Au regard de l’ensemble de ces éléments, il convient, en conséquence, de prononcer la suspension de l’exigibilité des créances pendant une durée de 6 mois, en application de l’article L. 733-1 4° du code de la consommation afin de permettre à Monsieur [U] [Z] la stabilisation de sa situation professionnelle et financière, à charge pour lui de justifier de la fin de sa période d’essai et d’un changement éventuel de logement.
Afin de ne pas aggraver la situation financière de Monsieur [U] [Z], le taux d’intérêt des prêts est ramené à zéro et les dettes reportées sont sans intérêt, ainsi que le permettent les dispositions de l’article L. 733-1 du code de la consommation.
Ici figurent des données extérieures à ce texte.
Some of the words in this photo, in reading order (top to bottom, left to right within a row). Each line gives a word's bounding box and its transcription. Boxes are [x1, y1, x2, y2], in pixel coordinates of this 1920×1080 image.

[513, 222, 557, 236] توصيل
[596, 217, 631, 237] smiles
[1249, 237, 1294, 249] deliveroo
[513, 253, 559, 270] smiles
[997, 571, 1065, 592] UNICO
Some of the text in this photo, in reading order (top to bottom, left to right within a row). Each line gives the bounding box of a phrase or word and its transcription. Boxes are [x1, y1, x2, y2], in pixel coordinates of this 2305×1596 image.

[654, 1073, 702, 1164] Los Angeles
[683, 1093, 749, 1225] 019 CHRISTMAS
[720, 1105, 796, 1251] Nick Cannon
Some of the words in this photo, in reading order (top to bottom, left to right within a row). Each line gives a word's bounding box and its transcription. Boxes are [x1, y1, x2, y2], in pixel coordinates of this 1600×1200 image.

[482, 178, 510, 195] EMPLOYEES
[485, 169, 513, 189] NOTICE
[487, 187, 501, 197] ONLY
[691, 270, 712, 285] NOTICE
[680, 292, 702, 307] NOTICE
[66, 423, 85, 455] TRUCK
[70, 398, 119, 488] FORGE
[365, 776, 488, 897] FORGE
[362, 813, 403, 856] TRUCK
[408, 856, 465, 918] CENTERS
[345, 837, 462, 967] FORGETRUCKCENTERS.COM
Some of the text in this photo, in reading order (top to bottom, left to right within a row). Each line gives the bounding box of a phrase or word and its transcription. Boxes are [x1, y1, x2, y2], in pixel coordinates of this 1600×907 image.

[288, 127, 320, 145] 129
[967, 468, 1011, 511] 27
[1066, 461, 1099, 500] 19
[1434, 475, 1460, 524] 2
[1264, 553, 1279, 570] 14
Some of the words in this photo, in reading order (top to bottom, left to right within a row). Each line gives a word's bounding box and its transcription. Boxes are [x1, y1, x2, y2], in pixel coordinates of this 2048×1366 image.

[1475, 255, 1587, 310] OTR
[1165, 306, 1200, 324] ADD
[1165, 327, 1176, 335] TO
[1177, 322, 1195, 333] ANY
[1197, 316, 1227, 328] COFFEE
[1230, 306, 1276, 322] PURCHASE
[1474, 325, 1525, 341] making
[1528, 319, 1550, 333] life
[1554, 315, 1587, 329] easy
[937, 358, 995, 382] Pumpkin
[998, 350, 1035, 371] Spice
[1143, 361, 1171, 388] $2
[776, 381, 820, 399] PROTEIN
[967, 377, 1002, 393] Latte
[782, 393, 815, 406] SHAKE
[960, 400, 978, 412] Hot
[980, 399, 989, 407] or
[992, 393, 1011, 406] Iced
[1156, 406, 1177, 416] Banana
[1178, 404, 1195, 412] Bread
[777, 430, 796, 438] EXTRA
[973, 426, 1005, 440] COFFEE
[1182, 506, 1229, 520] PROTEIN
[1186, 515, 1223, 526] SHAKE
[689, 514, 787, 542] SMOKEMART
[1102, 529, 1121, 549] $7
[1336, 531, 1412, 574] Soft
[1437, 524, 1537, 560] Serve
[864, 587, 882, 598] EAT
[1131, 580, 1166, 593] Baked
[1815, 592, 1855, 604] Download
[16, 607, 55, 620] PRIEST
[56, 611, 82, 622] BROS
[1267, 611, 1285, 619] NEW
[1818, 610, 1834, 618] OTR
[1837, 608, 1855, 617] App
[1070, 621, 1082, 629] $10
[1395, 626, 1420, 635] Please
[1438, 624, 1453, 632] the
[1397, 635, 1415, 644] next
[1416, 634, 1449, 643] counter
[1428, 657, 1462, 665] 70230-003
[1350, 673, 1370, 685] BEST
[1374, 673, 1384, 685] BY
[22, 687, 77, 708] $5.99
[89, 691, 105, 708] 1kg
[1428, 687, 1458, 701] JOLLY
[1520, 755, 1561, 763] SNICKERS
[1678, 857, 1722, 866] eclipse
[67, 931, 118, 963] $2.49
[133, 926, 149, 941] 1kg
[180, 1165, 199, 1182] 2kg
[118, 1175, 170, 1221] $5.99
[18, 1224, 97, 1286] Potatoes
En cette matière où la saisine du tribunal et la notification des décisions se font sans l’intervention d’un huissier et où le ministère d’avocat n’est pas obligatoire, il n’y a pas de dépens. En conséquence, les dépens éventuellement engagés par une partie resteront à sa charge.
PAR CES MOTIFS
La juge des contentieux de la protection, statuant publiquement, par mise à disposition du jugement au greffe à la date indiquée à l’issue des débats en audience publique en application de l’article 450 alinéa 2 du code de procédure civile, par jugement réputé contradictoire et rendu en premier ressort,
DIT recevable en la forme le recours formé par Monsieur [U] [Z] ;
CONSTATE que Monsieur [U] [Z] dispose en l’état d’une capacité de remboursement mais que sa situation financière n’est pas stabilisée ;
PRONONCE au profit de Monsieur [U] [Z] une suspension de l’exigibilité des créances pendant une durée de 6 mois à compter du 28 mai 2026, sans intérêt, à charge pour l’intéressé de justifier de la fin de sa période d’essai et d’un éventuel changement de logement auprès de son créancier qui lui en fera la demande ;
DIT qu’il appartiendra à Monsieur [U] [Z] de saisir la commission de surendettement des particuliers à l’issue de la mesure de suspension d’exigibilité de 6 mois ;
ORDONNE à Monsieur [U] [Z] pendant la durée du plan de ne pas accomplir d’acte qui aggraverait sa situation financière, sauf autorisation préalable du juge, et notamment :
d’avoir recours à un nouvel emprunt ;de faire des actes de disposition étrangers à la gestion normale de son patrimoine ;
RAPPELLE qu’aucune voie d’exécution ne pourra être poursuivie par l’un quelconque des créanciers pendant toute la durée d’exécution des mesures sauf à constater la caducité de ces dernières ;
RAPPELLE que les créances telles que définitivement arrêtées par la commission lors de l’établissement du passif ne peuvent avoir produit d’intérêts ou généré de pénalités de retard jusqu’à la mise en œuvre du plan résultant de la présente décision ;
DIT qu’il appartiendra à Monsieur [U] [Z], en cas de changement significatif de ses conditions de ressources à la hausse comme à la baisse, de ressaisir la commission de surendettement d’une nouvelle demande ;
RAPPELLE qu’en application de l’article L. 752-3 du code de la consommation ces mesures sont communiquées au fichier national recensant les informations sur les incidents de paiement caractérisés, géré par la Banque de France et qu’une inscription sera maintenue pendant toute la durée du plan sans pouvoir excéder sept ans ;
RAPPELLE qu’en application de l’article R. 713-10 du code de la consommation la présente décision est exécutoire de plein droit à titre provisoire ;
RAPPELLE qu’en vertu de l’article R. 722-1 du code de la consommation, il incombe à chacune des parties, et notamment à Monsieur [U] [Z], d’informer le secrétariat de la commission de surendettement des particuliers de tout changement d’adresse en cours de procédure ;
LAISSE à la charge de chaque partie les éventuels dépens par elle engagés,
DIT que la décision sera notifiée par lettre recommandée avec avis de réception à Monsieur [U] [Z] et ses créanciers, et par lettre simple à la commission de surendettement des particuliers de PARIS.
Ainsi jugé et prononcé à Paris, le 28 mai 2026.